He was changing the subject, and she was inclined to let him. This was not a day for serious conversation. “I almost made it,” she reminded him. “If you and your male chauvinist team-mates hadn’t—”
“Whoa! Why is this on me?” But he was laughing, and she really liked the way laughter made his entire body finally relax out of the military posture that she had noticed he adopted whenever he didn’t want to discuss something. The man sitting across from her now was more like the charismatic Max she had once had such a crush on.
* * * * *
Over the next several days Max realized that spending time with Sarah was working out better than he could have imagined. For one thing it got him out of the house.

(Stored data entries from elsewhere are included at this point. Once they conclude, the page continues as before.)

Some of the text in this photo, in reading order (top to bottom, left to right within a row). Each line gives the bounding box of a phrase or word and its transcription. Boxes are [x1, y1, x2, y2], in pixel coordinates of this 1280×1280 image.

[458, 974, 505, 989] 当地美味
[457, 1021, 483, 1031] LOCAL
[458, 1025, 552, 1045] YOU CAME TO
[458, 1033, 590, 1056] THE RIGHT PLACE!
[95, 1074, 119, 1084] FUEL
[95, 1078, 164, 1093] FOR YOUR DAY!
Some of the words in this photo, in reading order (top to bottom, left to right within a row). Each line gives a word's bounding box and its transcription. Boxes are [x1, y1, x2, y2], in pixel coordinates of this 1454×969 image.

For another, with Sarah in the picture Grace had let up on her constant attempts to manage his life. And for a third, Sarah was as good as her word—this was two people sharing time together, getting reacquainted, with no expectations that things needed to move to another level. No pressure.

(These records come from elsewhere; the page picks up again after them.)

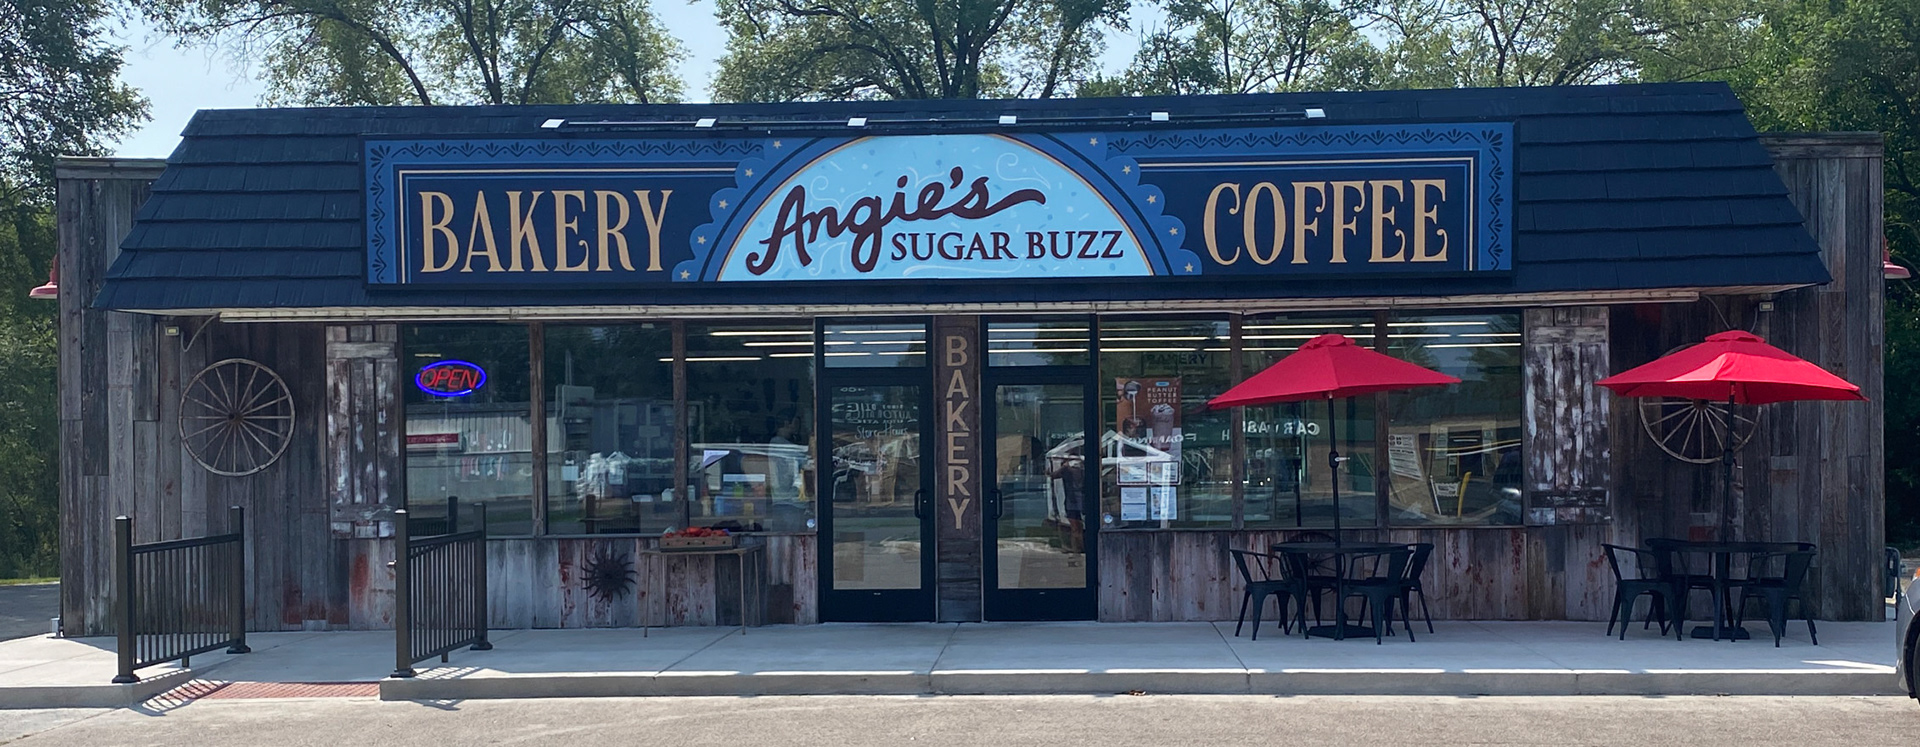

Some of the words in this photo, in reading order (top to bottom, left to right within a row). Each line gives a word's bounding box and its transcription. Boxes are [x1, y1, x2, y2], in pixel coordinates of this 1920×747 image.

[419, 189, 673, 273] BAKERY
[745, 166, 1046, 275] Angie's
[891, 231, 1018, 261] SUGAR
[1026, 230, 1124, 260] BUZZ
[1203, 179, 1448, 265] COFFEE
[420, 368, 479, 389] OPEN
[945, 335, 971, 530] BAKERY
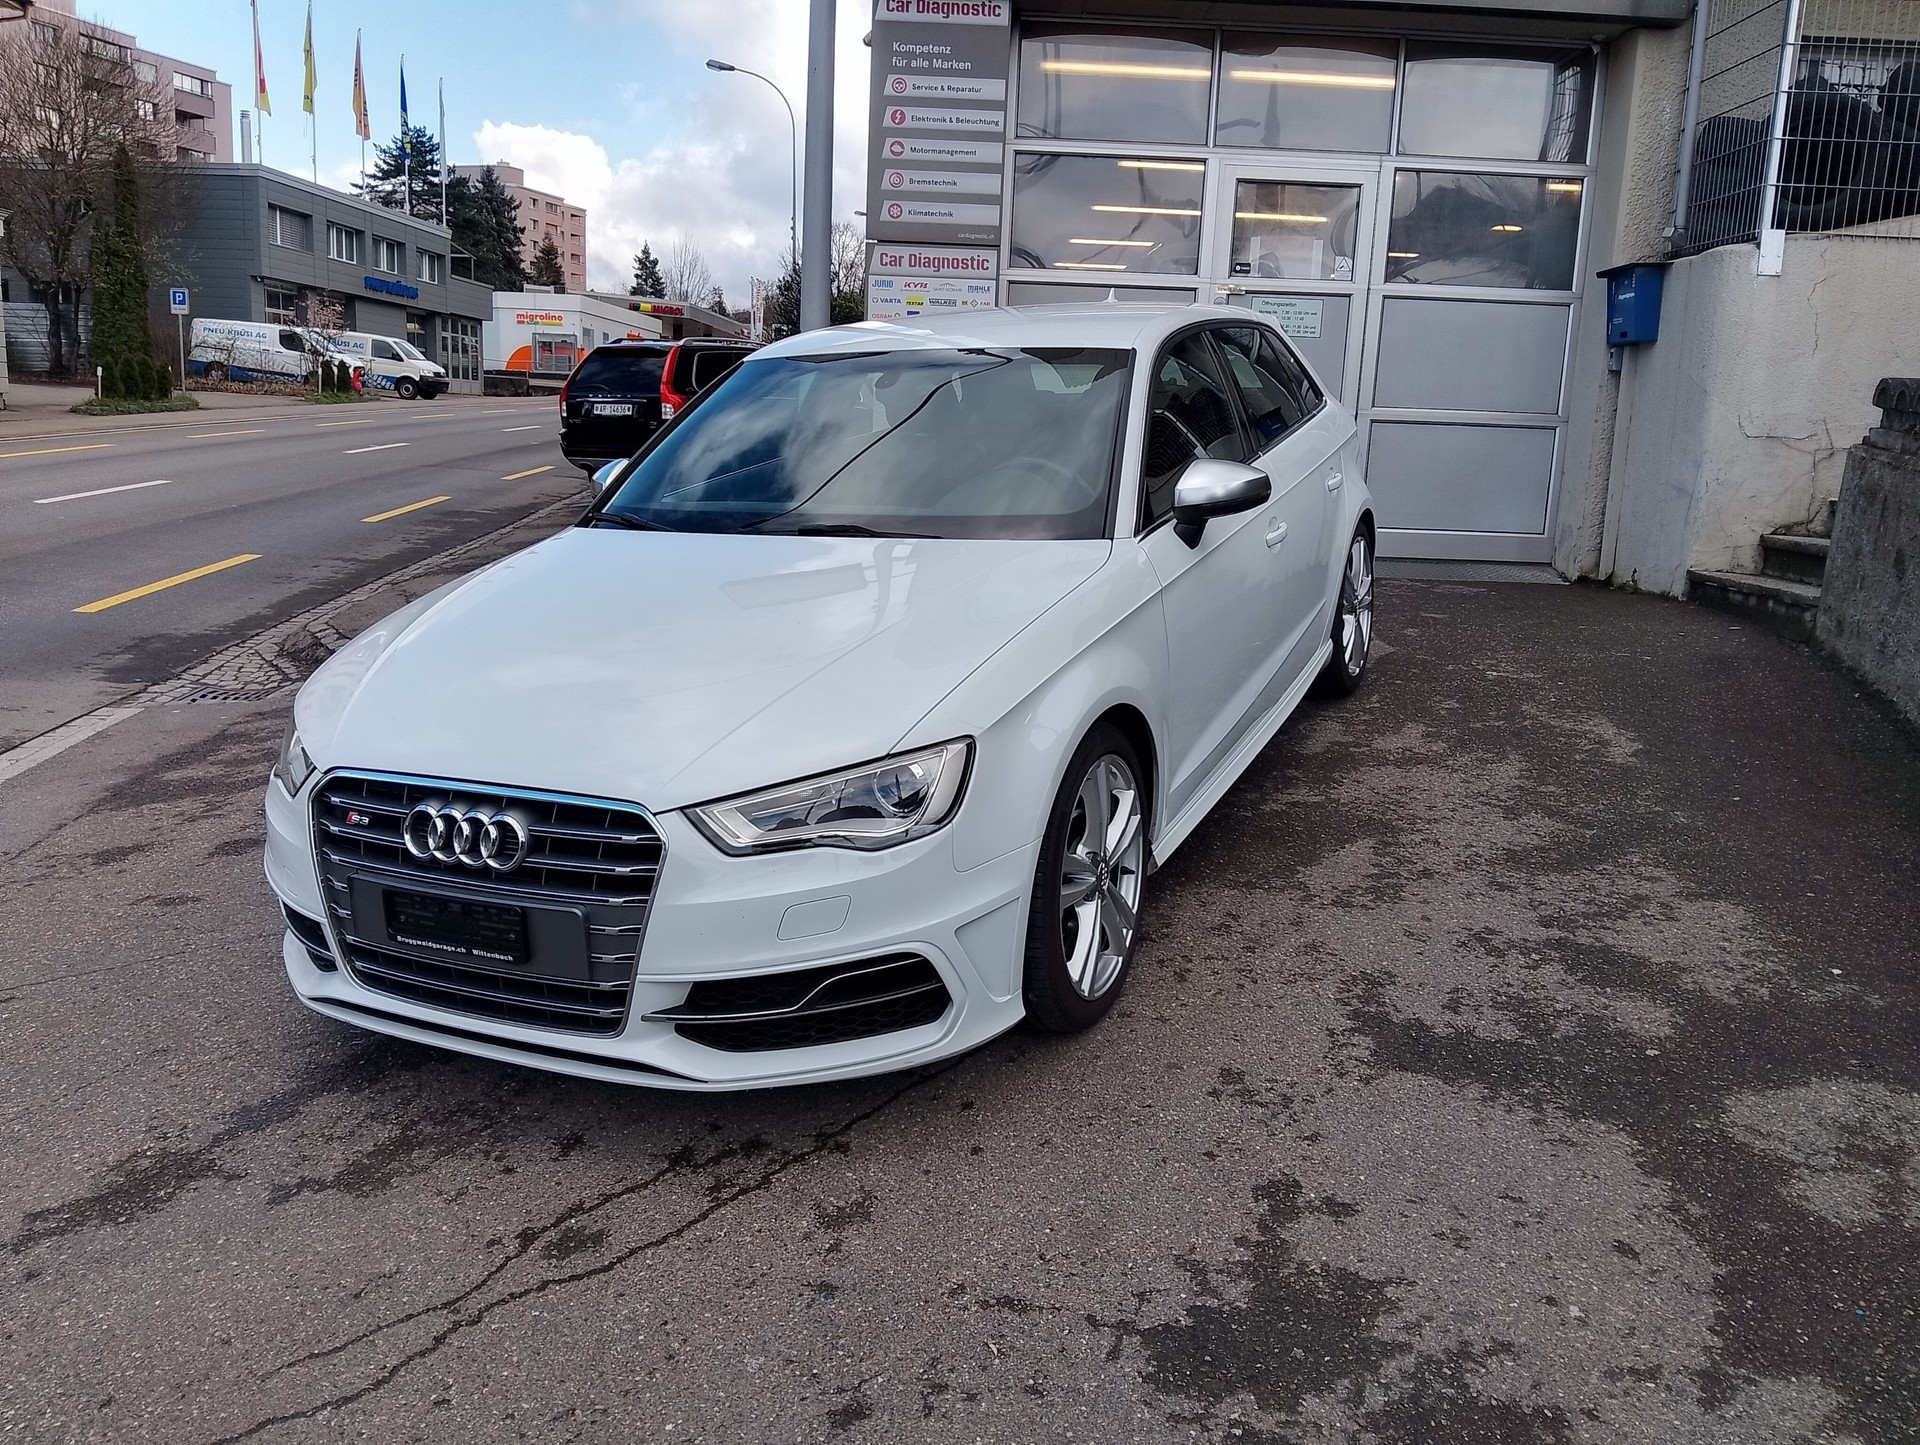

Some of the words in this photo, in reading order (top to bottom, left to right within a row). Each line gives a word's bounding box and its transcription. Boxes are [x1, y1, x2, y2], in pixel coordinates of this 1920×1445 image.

[886, 0, 912, 13] Car
[916, 0, 1002, 18] Diagnostic
[892, 41, 952, 55] Kompetenz
[892, 56, 908, 67] für
[910, 57, 930, 68] alle
[932, 58, 972, 70] Marken
[911, 83, 939, 92] Service
[946, 84, 982, 94] Reparatur
[911, 114, 948, 124] Elektronik
[955, 116, 1000, 127] Beleuchtung
[909, 146, 977, 157] Motormanagement
[908, 177, 958, 187] Bremstechnik
[907, 208, 954, 218] Klimatechnik
[879, 252, 905, 268] Car
[908, 253, 990, 273] Diagnostic
[871, 279, 894, 289] JURID
[175, 292, 184, 304] P
[516, 311, 564, 322] migrolino
[202, 326, 225, 335] PNEU
[255, 331, 267, 339] AG
[352, 341, 365, 350] AG
[351, 814, 370, 826] S3
[396, 935, 467, 954] Bruggwaldgarage.ch
[471, 948, 514, 962] Wittenbach

So when he called Sarah the Wednesday after Thanksgiving anticipating that she would be up for some excursion followed by coffee or even dinner, he was surprised when she turned him down.
“I can’t tonight.”
For a moment he felt like a jealous boyfriend. Why not? was the first thing that sprang to mind. “Oh, well, maybe another time,” he said and prepared to hang up.
“I have choir practice. Hey, here’s an idea, why don’t you come? It’s a special choir for Christmas Eve services at the little church around the corner from my loft. Mary and Ned run the program, and I have a tradition of joining in if I’m in town.”
“That’s okay,” he replied, already feeling better. “How about tomorrow? Dinner?”
“No, seriously. I’m remembering that you had the lead in your senior production of South Pacific. Grace invited me to come see it with her and your folks. You have a wonderful voice, and the choir can always use more male voices. Come on. It’ll be fun.”
The idea of spending time in a church was not all that appealing to Max. After everything he’d seen overseas, he was having a hard time justifying his faith in a loving God with a world that seemed to have gone insane. “I’m out of practice,” he said, trying to keep things light.
She laughed. He really liked the sound of her laughter.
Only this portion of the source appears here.